--- INSTRUCTIONS FOR THE TASK ---
Since the copy must match the original, write out each record word for word, skipping only the pictures.

::: SUPPLIED MATERIAL :::

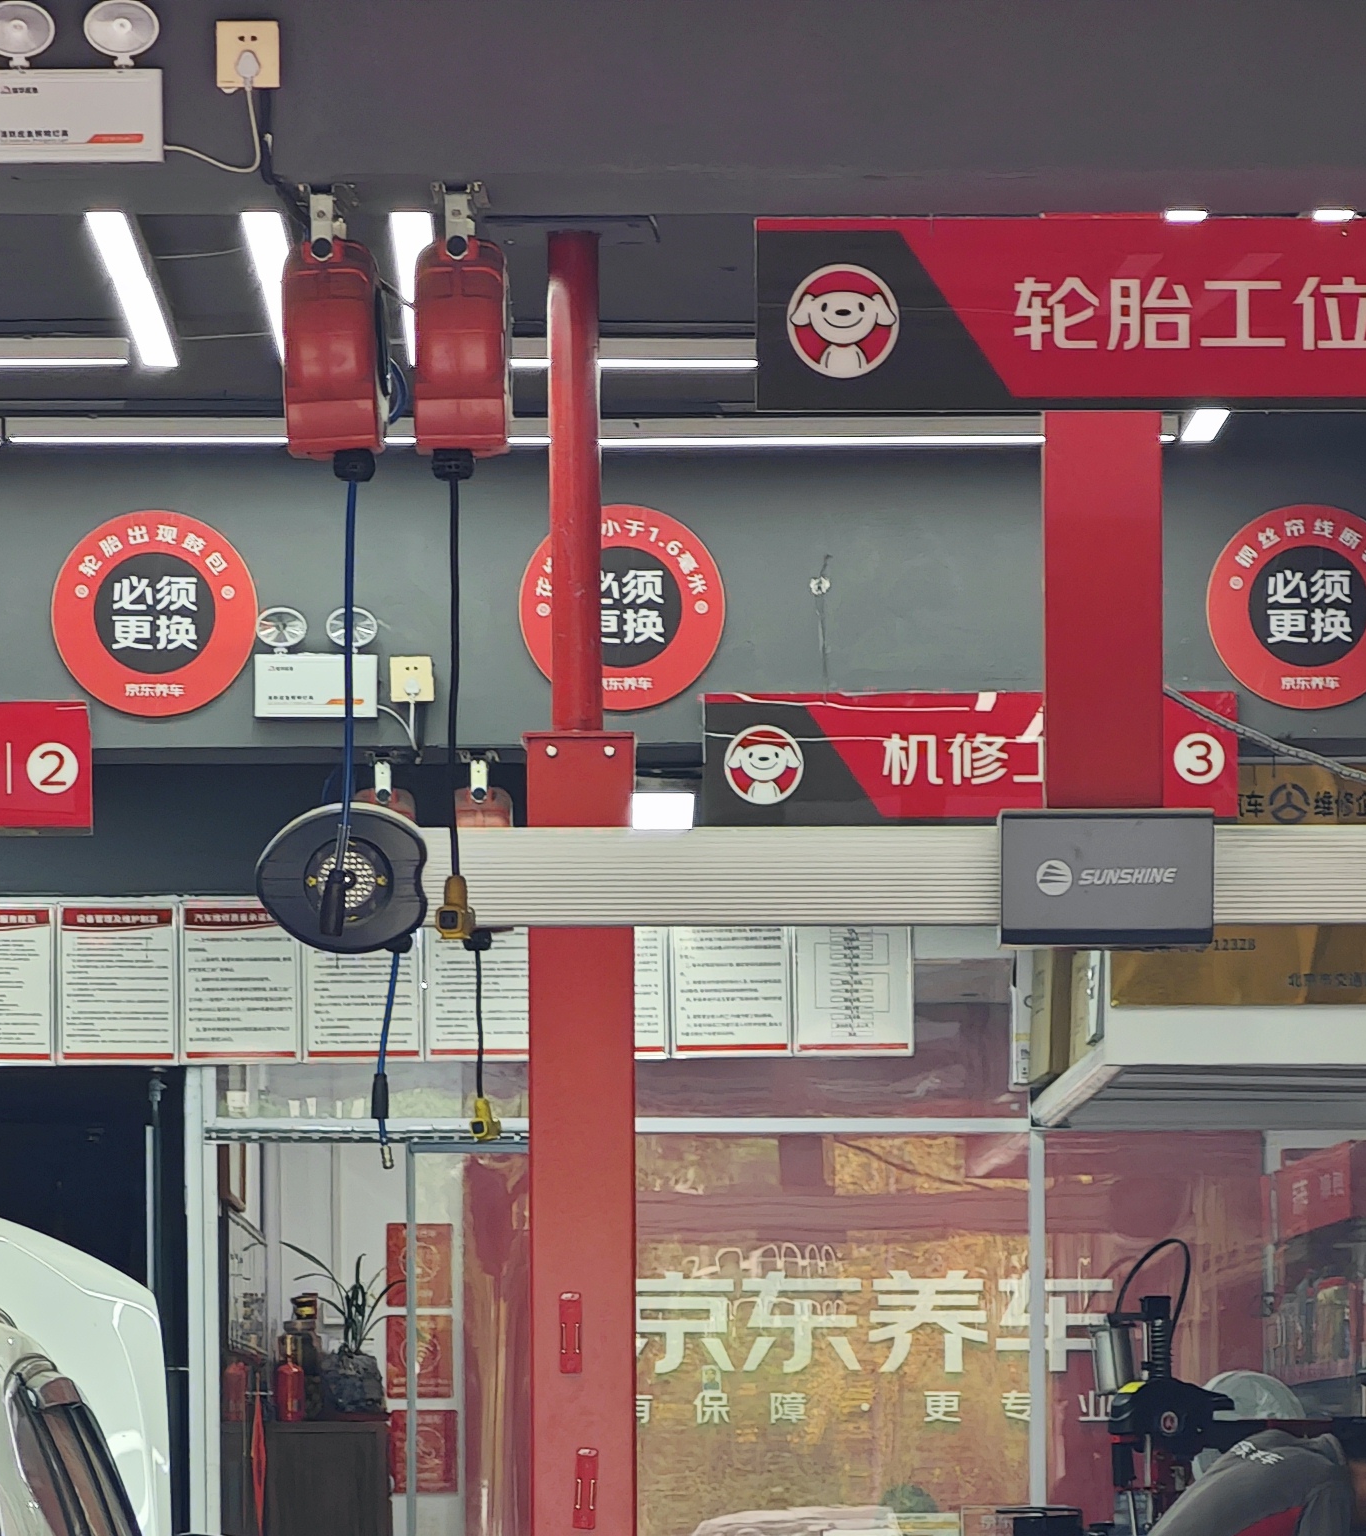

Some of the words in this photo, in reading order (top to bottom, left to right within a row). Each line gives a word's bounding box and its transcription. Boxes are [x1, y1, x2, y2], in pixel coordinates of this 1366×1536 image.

[78, 524, 230, 578] 轮胎出现鼓包
[112, 575, 198, 612] 必须
[1267, 569, 1353, 604] 必须
[111, 614, 198, 651] 更换
[1266, 608, 1353, 644] 更换
[124, 683, 185, 697] 京东养车
[1281, 676, 1341, 690] 京东养车
[882, 732, 1045, 786] 机修工
[1077, 866, 1178, 887] SUNSHINE
[636, 1269, 1114, 1374] 京东养车

:::

--- COMPLETED TASK ---
Some of the words in this photo, in reading order (top to bottom, left to right within a row). Each line gives a word's bounding box and its transcription. Boxes are [x1, y1, x2, y2], in pixel coordinates of this 1366×1536 image.

[78, 524, 230, 578] 轮胎出现鼓包
[112, 575, 198, 612] 必须
[1267, 569, 1353, 604] 必须
[111, 614, 198, 651] 更换
[1266, 608, 1353, 644] 更换
[124, 683, 185, 697] 京东养车
[1281, 676, 1341, 690] 京东养车
[882, 732, 1045, 786] 机修工
[1077, 866, 1178, 887] SUNSHINE
[636, 1269, 1114, 1374] 京东养车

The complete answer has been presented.